[Annotated photo localization data]
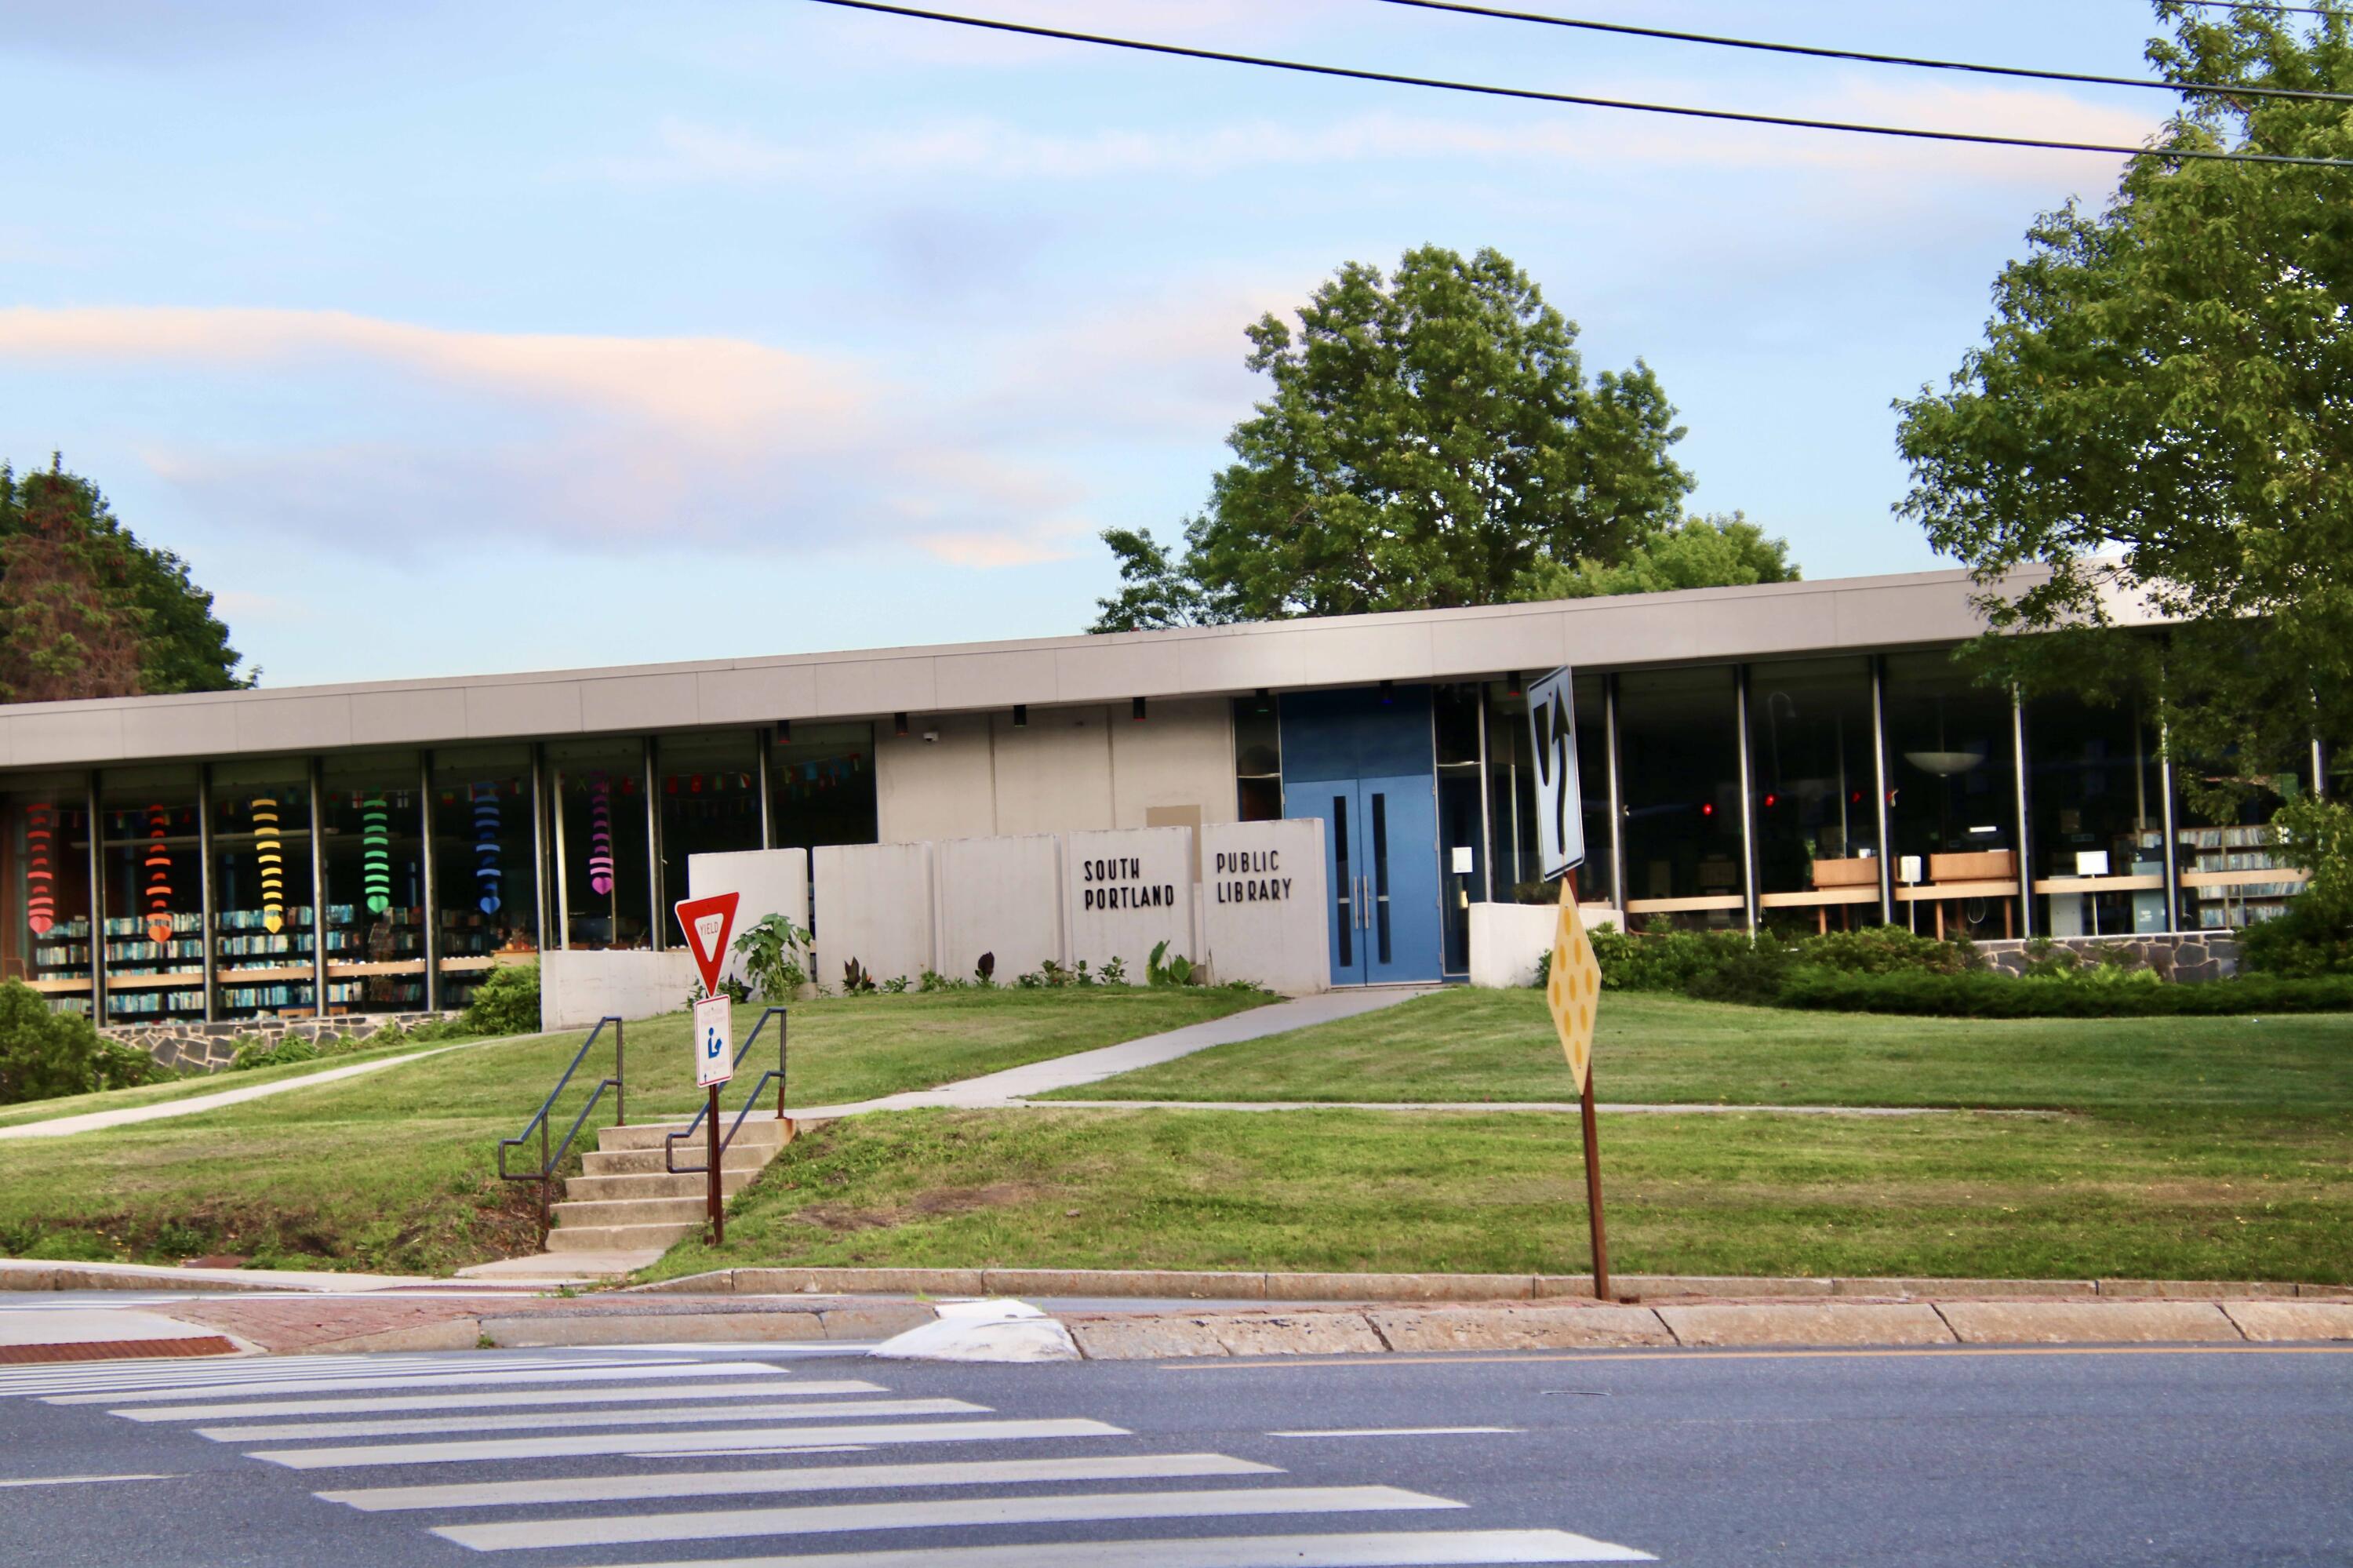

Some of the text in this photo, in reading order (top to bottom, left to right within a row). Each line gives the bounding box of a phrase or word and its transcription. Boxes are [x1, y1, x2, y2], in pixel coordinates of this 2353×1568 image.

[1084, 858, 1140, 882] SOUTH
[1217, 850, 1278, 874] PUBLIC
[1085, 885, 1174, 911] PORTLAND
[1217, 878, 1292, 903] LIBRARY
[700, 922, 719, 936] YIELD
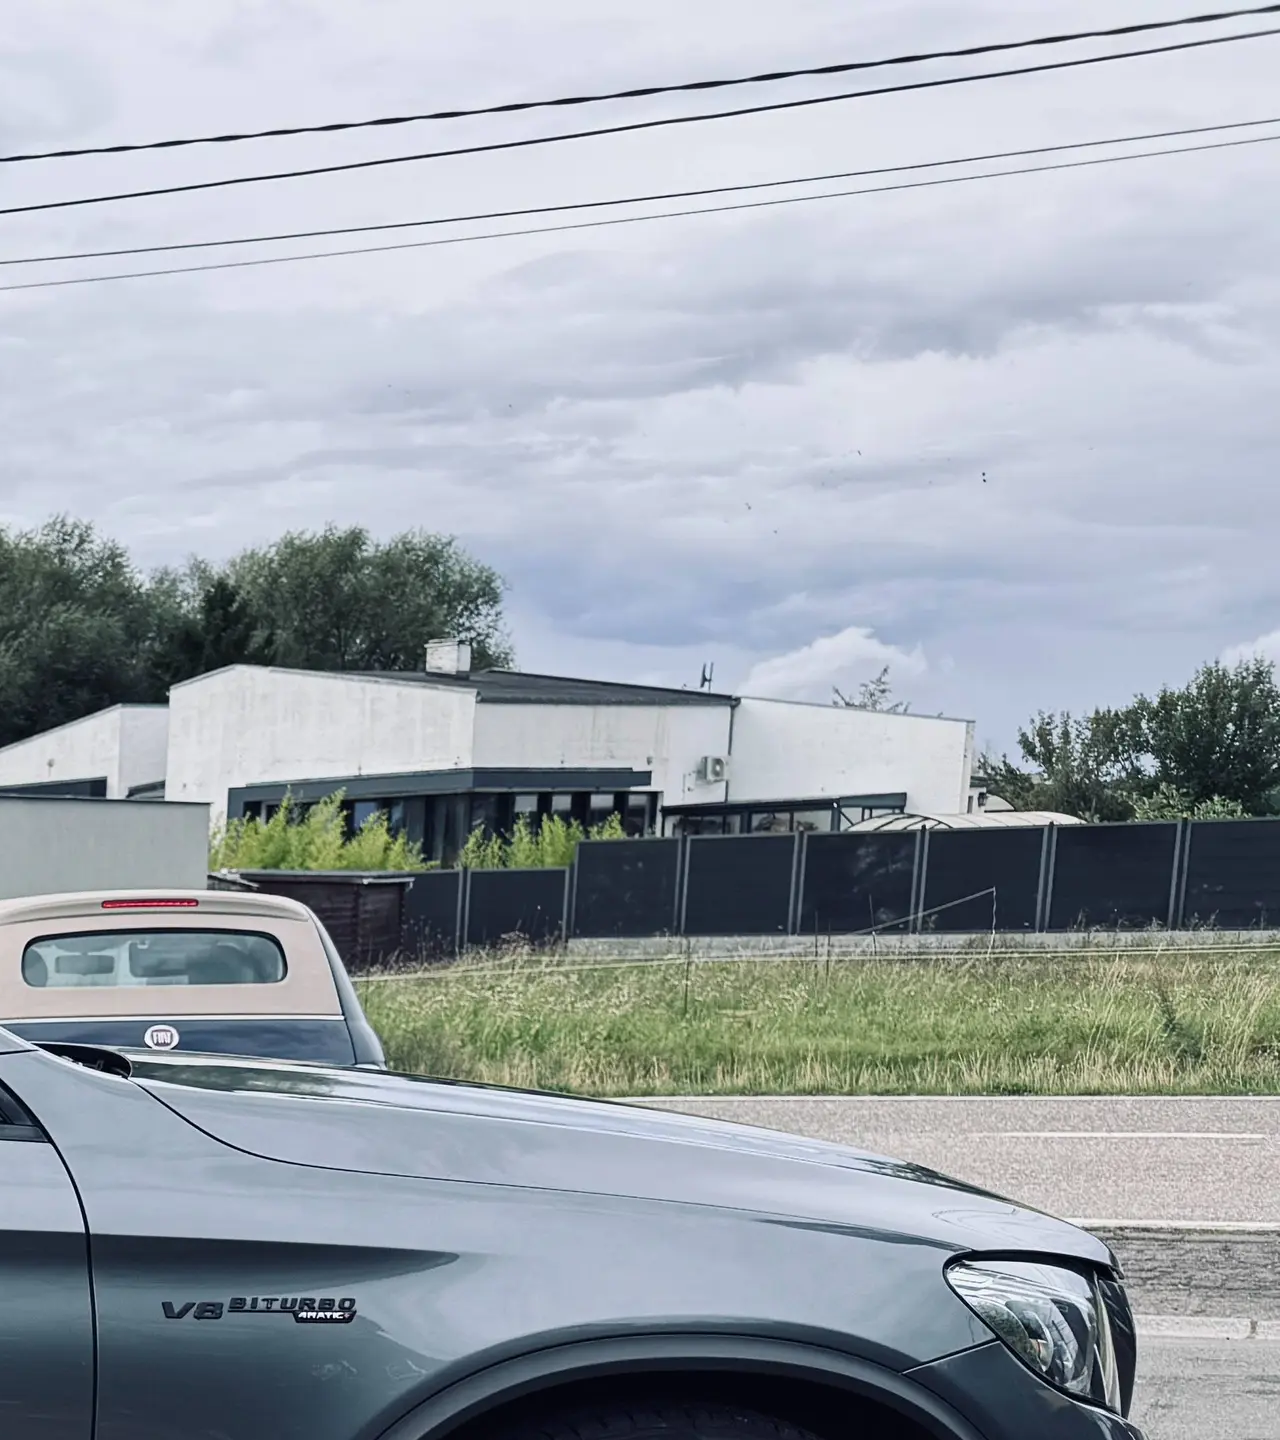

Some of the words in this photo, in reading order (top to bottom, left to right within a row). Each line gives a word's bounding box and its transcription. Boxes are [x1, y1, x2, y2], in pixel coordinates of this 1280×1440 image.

■ EXERCISE ■
Would you write out each entry word for word and omit the images?

■ EXERCISE OUTPUT ■
Some of the text in this photo, in reading order (top to bottom, left to right within a row). Each line gives the bounding box of a phrase or word and its transcription. Boxes are [x1, y1, x2, y2], in pixel coordinates of this 2353×1568 image.

[1084, 858, 1140, 882] SOUTH
[1217, 850, 1278, 874] PUBLIC
[1085, 885, 1174, 911] PORTLAND
[1217, 878, 1292, 903] LIBRARY
[700, 922, 719, 936] YIELD

Some of the words in this photo, in reading order (top to bottom, left to right within a row). Each line gives a word's bounding box and its transcription. Boxes are [x1, y1, x2, y2], in pixel coordinates of this 1280×1440 image.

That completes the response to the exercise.